The ultimate goal of cancer screening is to reduce one’s risk of cancer-related death. In the case of screening for liver cancer, the story is still evolving, but new studies continue to suggest that it may not achieve this goal.
Screening tests for different types of cancer have presented a mixed picture on the overall utility of screening. Some, such as Papanicolaou (Pap) smears to screen for cervical cancer, have clear value in detecting cervical cancers at a earlier, more treatable stages and improving long-term survival. Others, such as prostate-specific antigen (PSA) levels to screen for prostate cancer, are more in doubt, as studies indicate that the benefits of PSA testing are small at best, and the harms of unnecessary treatment can be significant.
A systematic review released today in the Annals of Internal Medicine about screening tests for liver cancer in high-risk individuals (those with liver cirrhosis or chronic hepatitis B infection) found that overall, the evidence is of low quality and offers no proof that screening these individuals offers any advantage in extending life or in decreasing mortality from the disease.

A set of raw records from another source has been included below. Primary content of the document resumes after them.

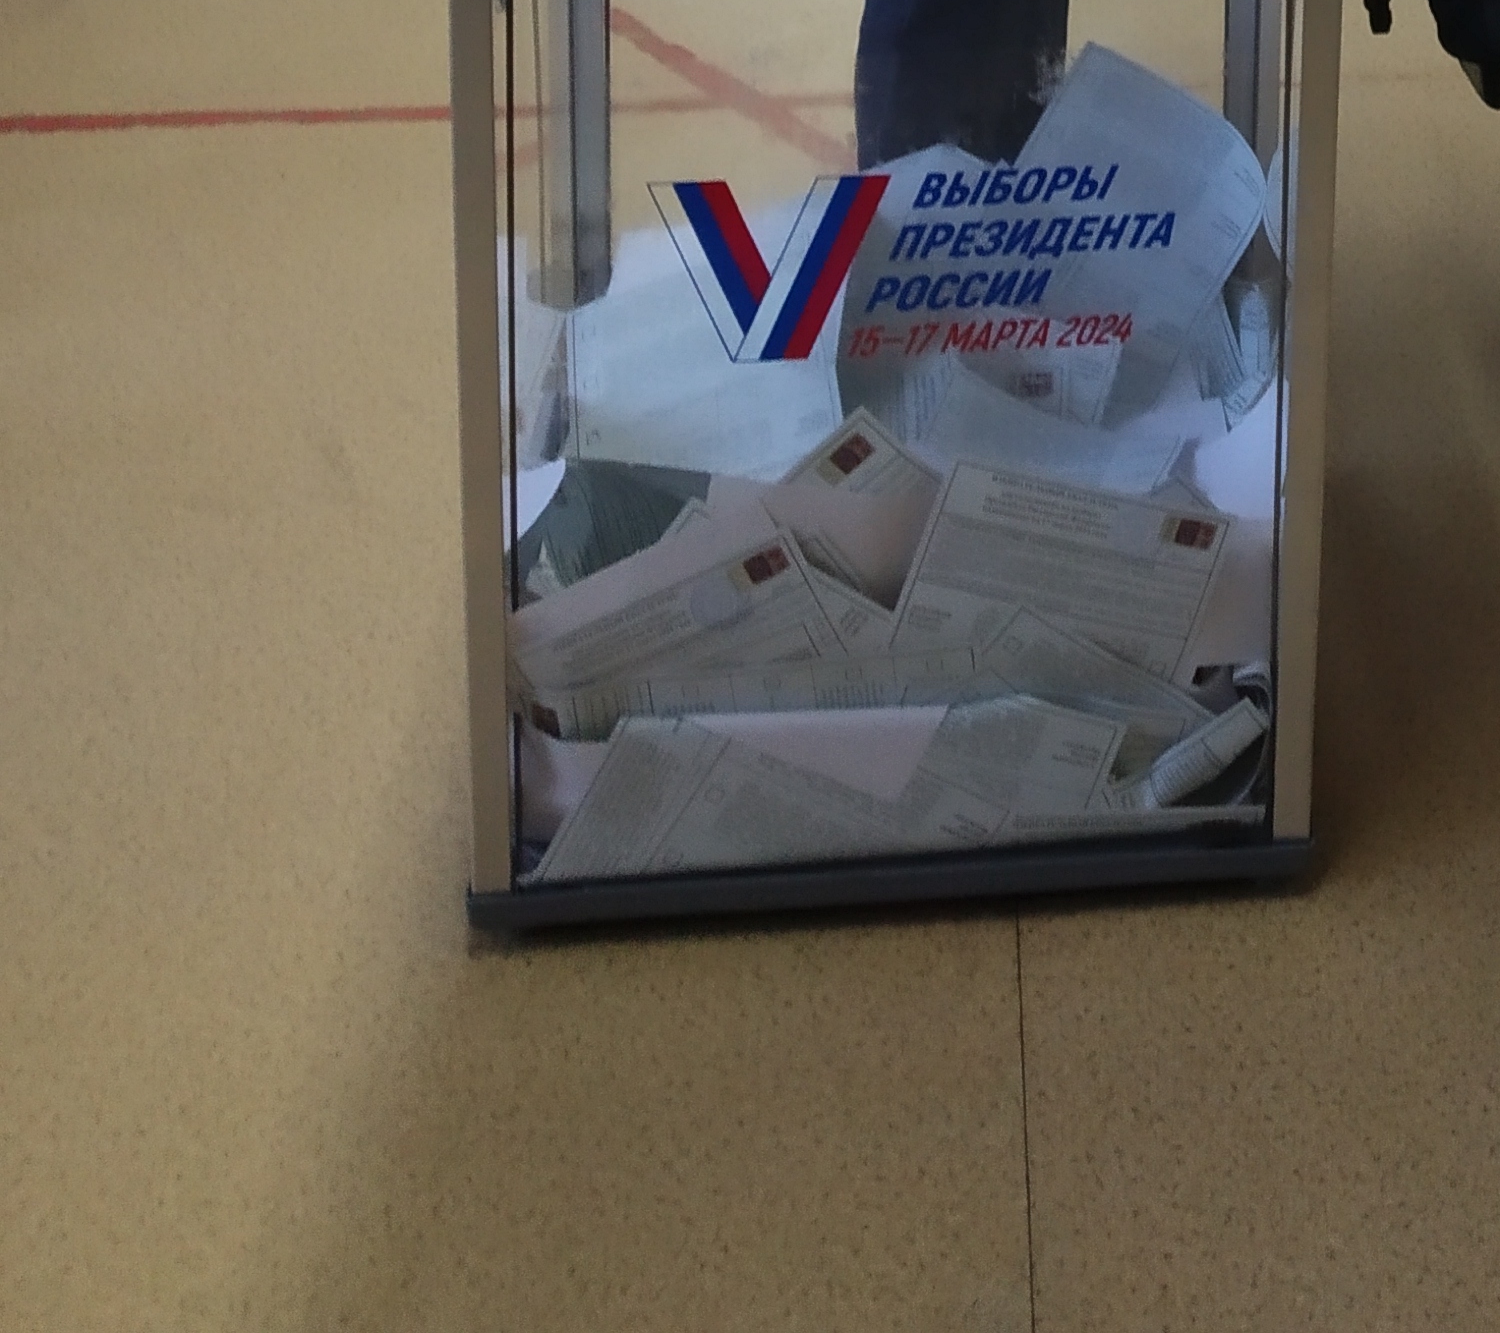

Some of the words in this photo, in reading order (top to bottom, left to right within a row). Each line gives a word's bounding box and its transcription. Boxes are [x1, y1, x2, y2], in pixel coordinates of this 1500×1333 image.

[912, 163, 1119, 209] ВЫБОРЫ
[889, 211, 1176, 262] ПРЕЗИДЕНТА
[865, 269, 1052, 313] РОССИИ
[941, 317, 1051, 354] МАРТА
[1056, 312, 1133, 349] 2024

This review, funded by the US Department of Veterans Affairs, included 18 observational studies and 4 clinical trials that studied the issue. After a careful assessment of the methods and results of all the studies, the authors concluded that the 2 largest randomized clinical trials, both conducted in China, had “substantial methodological flaws” that threatened the validity of their results. One study showed that routine screening with liver ultrasound and alpha-fetoprotein testing was associated with reduced liver cancer mortality, but the other showed no effect. Furthermore, most of the patients in these 2 studies had chronic hepatitis B infection as the cause of the their chronic liver disease, whereas the majority of people in the United States with chronic liver disease have chronic hepatitis C infection or alcoholic liver disease.
The 18 observational studies included a wider range of geographic settings and more patients with hepatitis C infection; however, the results on mortality reduction resulting from screening were still mixed. Given the inherent bias present in observational studies, the authors state that these studies “do not contribute substantially to the strength of evidence.” Overall, the results did suggest that liver cancers diagnosed as a result of screening tended to be at an earlier stage than those diagnosed clinically in the absence of screening, but the “lead time bias” in these findings makes any true effects on mortality questionable. In other words, people may perceive they are living longer because of a longer period between diagnosis and death, but that longer period may simply be the result of earlier diagnosis and not of extending lifespan.
None of the studies examined the harms of screening, which can include psychological stress, needle-track “seeding” of cancer cells as a result of biopsy, and overdiagnosis, a concept that refers to finding very slow-growing tumors that never would have otherwise caused problems in a patient’s lifetime.
Current guidelines by the American Association of Liver Diseases recommend screening for liver cancer with ultrasound every 6 months for all individuals with cirrhosis, and for some individuals with chronic hepatitis B infection in the absence of cirrhosis. The US Preventive Services Task Force has not released official guidelines on the topic. The authors suggest that there are still major evidence gaps that need to be addressed before more solid guidelines can be created, but also recognize that conducting large-scale randomized trials in the United States or Europe that focus on this specific clinical question in this patient population may not be feasible.